L’Affaire Jésus a sans doute été un des grands succès de librairie d’Henri Guillemin. Il veut, avec honnêteté, faire le point sur ce Jésus dont certains nient l’existence alors que d’autres voient en lui Dieu fait homme.
Il a lu les travaux des exégètes et des historiens des religions ; il a cherché à comprendre les avancées des théologiens parmi les plus contestataires il a médité les textes du Nouveau Testament. Il sait la fragilité des témoignages et les apports parfois très tardifs aux Évangiles. Il sait aussi que l’époque ne baigne plus dans la croyance sans histoire des siècles derniers.
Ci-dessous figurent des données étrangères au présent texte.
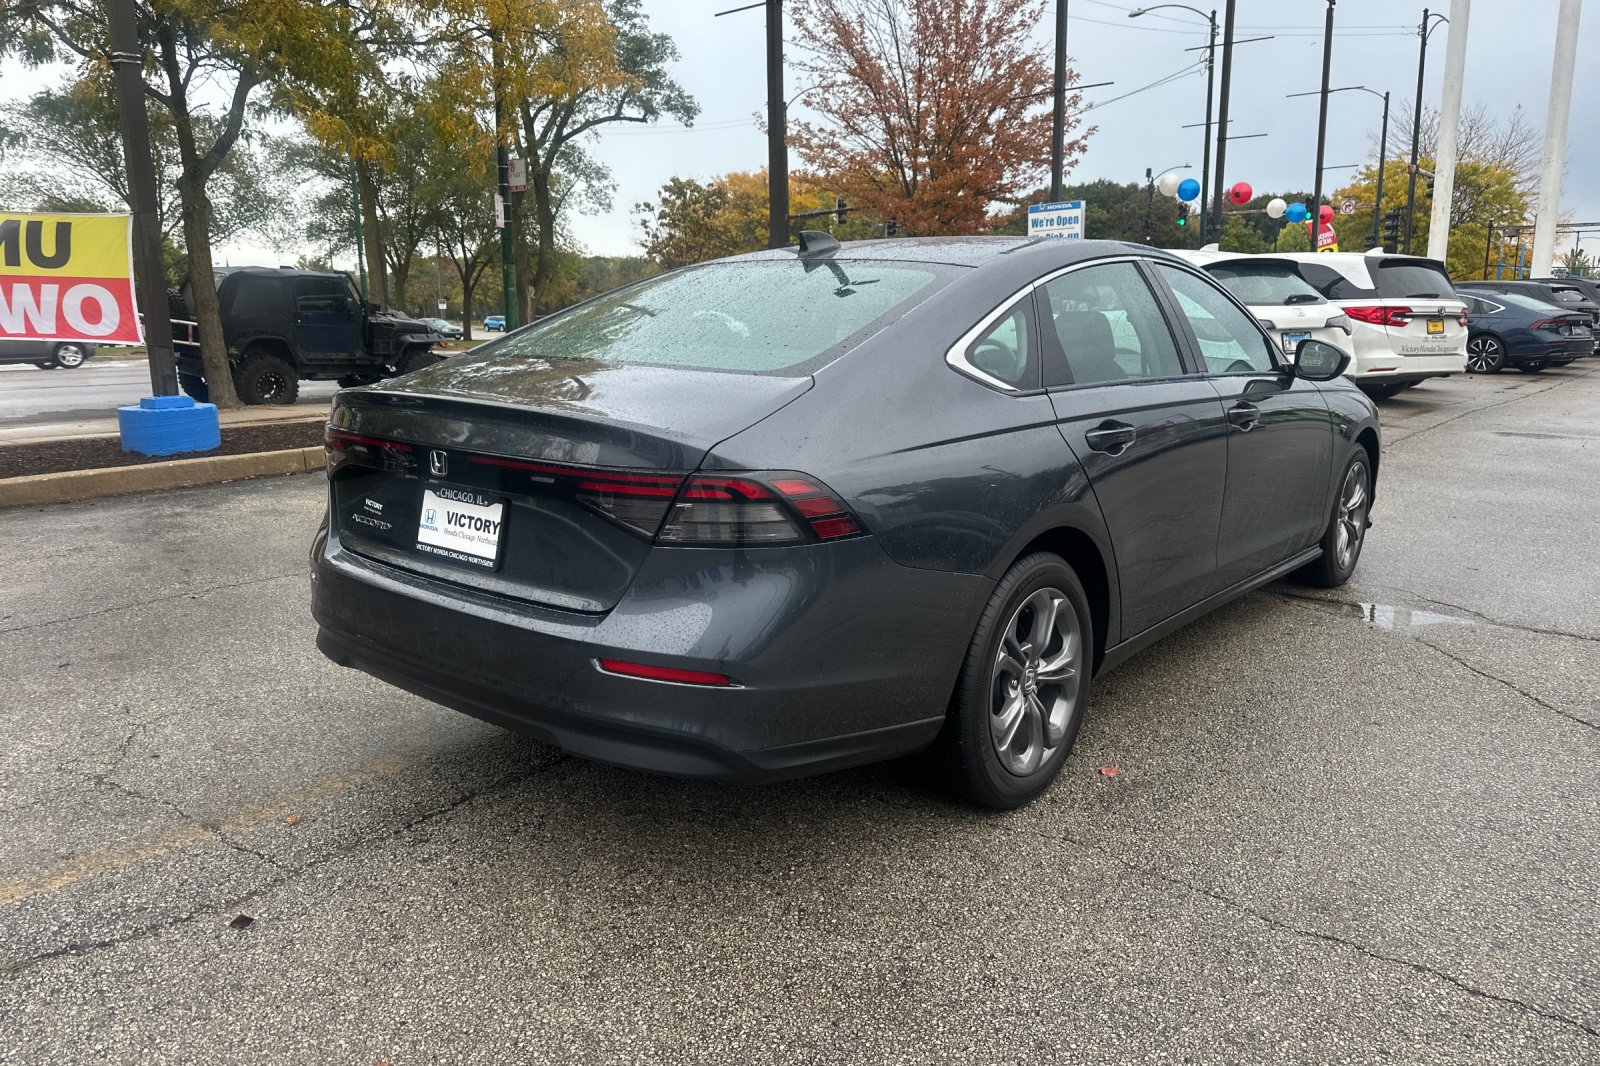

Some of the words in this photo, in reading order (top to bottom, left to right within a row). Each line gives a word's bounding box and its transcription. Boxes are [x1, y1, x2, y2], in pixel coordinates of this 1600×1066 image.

Et pourtant, il ose affirmer qu’il croit en ce Dieu dont Jésus a dit qu’il était Amour. Le reste compte moins à ses yeux, les miracles, les dogmes, la discipline morale. Cela seul est essentiel. Le livre date de 1982.

Guillemin nous le propose comme un « témoignage testamentaire », le résultat de toute une vie de réflexion et de méditation. « Je sais très bien que n’a vraiment guère d’importance ce que peut dire à ce sujet quelqu’un qui n’a jamais été un créateur, mais un simple commentateur, au surplus, comme tel, très contesté. Pourtant, je me risque. Dans l’espoir d’aider peut-être, avant de mourir, quelques esprits – de jeunes esprits surtout – guettés par la tentation, trop explicable, du « à quoi bon. »

Ce texte est suivi d’un inédit sur Marie, mis au point par Patrick Berthier, qui montre jusqu’où Guillemin, à la fin de sa vie, peut aller dans la remise en cause du contenu du catholicisme.